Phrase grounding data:
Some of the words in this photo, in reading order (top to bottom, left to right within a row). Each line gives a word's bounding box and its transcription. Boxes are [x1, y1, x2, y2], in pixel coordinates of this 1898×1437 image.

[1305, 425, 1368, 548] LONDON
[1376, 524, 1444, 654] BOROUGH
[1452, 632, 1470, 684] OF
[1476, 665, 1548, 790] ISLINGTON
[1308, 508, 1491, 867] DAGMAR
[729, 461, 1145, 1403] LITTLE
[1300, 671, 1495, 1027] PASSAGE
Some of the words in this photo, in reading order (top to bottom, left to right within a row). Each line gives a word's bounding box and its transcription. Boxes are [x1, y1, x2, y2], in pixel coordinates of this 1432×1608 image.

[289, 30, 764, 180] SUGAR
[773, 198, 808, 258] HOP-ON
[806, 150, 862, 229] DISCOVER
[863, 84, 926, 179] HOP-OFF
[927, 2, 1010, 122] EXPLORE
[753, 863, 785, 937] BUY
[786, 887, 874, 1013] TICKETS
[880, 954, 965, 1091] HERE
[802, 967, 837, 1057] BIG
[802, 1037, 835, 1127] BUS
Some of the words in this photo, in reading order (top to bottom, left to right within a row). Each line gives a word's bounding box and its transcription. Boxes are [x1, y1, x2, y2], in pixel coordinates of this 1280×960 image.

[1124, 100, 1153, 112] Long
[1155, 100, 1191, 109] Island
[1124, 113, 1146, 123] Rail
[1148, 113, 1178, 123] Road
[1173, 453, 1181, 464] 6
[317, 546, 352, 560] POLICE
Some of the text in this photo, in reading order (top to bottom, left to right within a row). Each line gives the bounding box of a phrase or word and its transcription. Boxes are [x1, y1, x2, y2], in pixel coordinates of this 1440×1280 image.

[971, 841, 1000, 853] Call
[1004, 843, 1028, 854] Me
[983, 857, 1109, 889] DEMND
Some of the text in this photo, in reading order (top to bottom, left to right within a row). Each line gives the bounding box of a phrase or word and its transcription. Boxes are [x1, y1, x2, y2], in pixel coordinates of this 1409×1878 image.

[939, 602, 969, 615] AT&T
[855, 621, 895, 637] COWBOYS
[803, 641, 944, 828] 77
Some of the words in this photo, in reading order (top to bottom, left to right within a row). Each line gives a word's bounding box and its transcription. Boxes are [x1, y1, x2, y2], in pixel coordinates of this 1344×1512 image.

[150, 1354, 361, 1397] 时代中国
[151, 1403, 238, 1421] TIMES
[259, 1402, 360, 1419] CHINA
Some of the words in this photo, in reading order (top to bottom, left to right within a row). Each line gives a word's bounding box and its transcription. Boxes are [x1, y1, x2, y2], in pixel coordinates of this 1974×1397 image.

### Instructions to follow
Recopy all of the records verbatim.

### Answer section
Some of the words in this photo, in reading order (top to bottom, left to right within a row). Each line gives a word's bounding box and its transcription. Boxes are [x1, y1, x2, y2], in pixel coordinates of this 1898×1437 image.

[1305, 425, 1368, 548] LONDON
[1376, 524, 1444, 654] BOROUGH
[1452, 632, 1470, 684] OF
[1476, 665, 1548, 790] ISLINGTON
[1308, 508, 1491, 867] DAGMAR
[729, 461, 1145, 1403] LITTLE
[1300, 671, 1495, 1027] PASSAGE
Some of the words in this photo, in reading order (top to bottom, left to right within a row). Each line gives a word's bounding box and its transcription. Boxes are [x1, y1, x2, y2], in pixel coordinates of this 1432×1608 image.

[289, 30, 764, 180] SUGAR
[773, 198, 808, 258] HOP-ON
[806, 150, 862, 229] DISCOVER
[863, 84, 926, 179] HOP-OFF
[927, 2, 1010, 122] EXPLORE
[753, 863, 785, 937] BUY
[786, 887, 874, 1013] TICKETS
[880, 954, 965, 1091] HERE
[802, 967, 837, 1057] BIG
[802, 1037, 835, 1127] BUS
Some of the words in this photo, in reading order (top to bottom, left to right within a row). Each line gives a word's bounding box and its transcription. Boxes are [x1, y1, x2, y2], in pixel coordinates of this 1280×960 image.

[1124, 100, 1153, 112] Long
[1155, 100, 1191, 109] Island
[1124, 113, 1146, 123] Rail
[1148, 113, 1178, 123] Road
[1173, 453, 1181, 464] 6
[317, 546, 352, 560] POLICE
Some of the text in this photo, in reading order (top to bottom, left to right within a row). Each line gives the bounding box of a phrase or word and its transcription. Boxes are [x1, y1, x2, y2], in pixel coordinates of this 1440×1280 image.

[971, 841, 1000, 853] Call
[1004, 843, 1028, 854] Me
[983, 857, 1109, 889] DEMND
Some of the text in this photo, in reading order (top to bottom, left to right within a row). Each line gives the bounding box of a phrase or word and its transcription. Boxes are [x1, y1, x2, y2], in pixel coordinates of this 1409×1878 image.

[939, 602, 969, 615] AT&T
[855, 621, 895, 637] COWBOYS
[803, 641, 944, 828] 77
Some of the words in this photo, in reading order (top to bottom, left to right within a row). Each line gives a word's bounding box and its transcription. Boxes are [x1, y1, x2, y2], in pixel coordinates of this 1344×1512 image.

[150, 1354, 361, 1397] 时代中国
[151, 1403, 238, 1421] TIMES
[259, 1402, 360, 1419] CHINA
Some of the words in this photo, in reading order (top to bottom, left to right within a row). Each line gives a word's bounding box and its transcription. Boxes are [x1, y1, x2, y2], in pixel coordinates of this 1974×1397 image.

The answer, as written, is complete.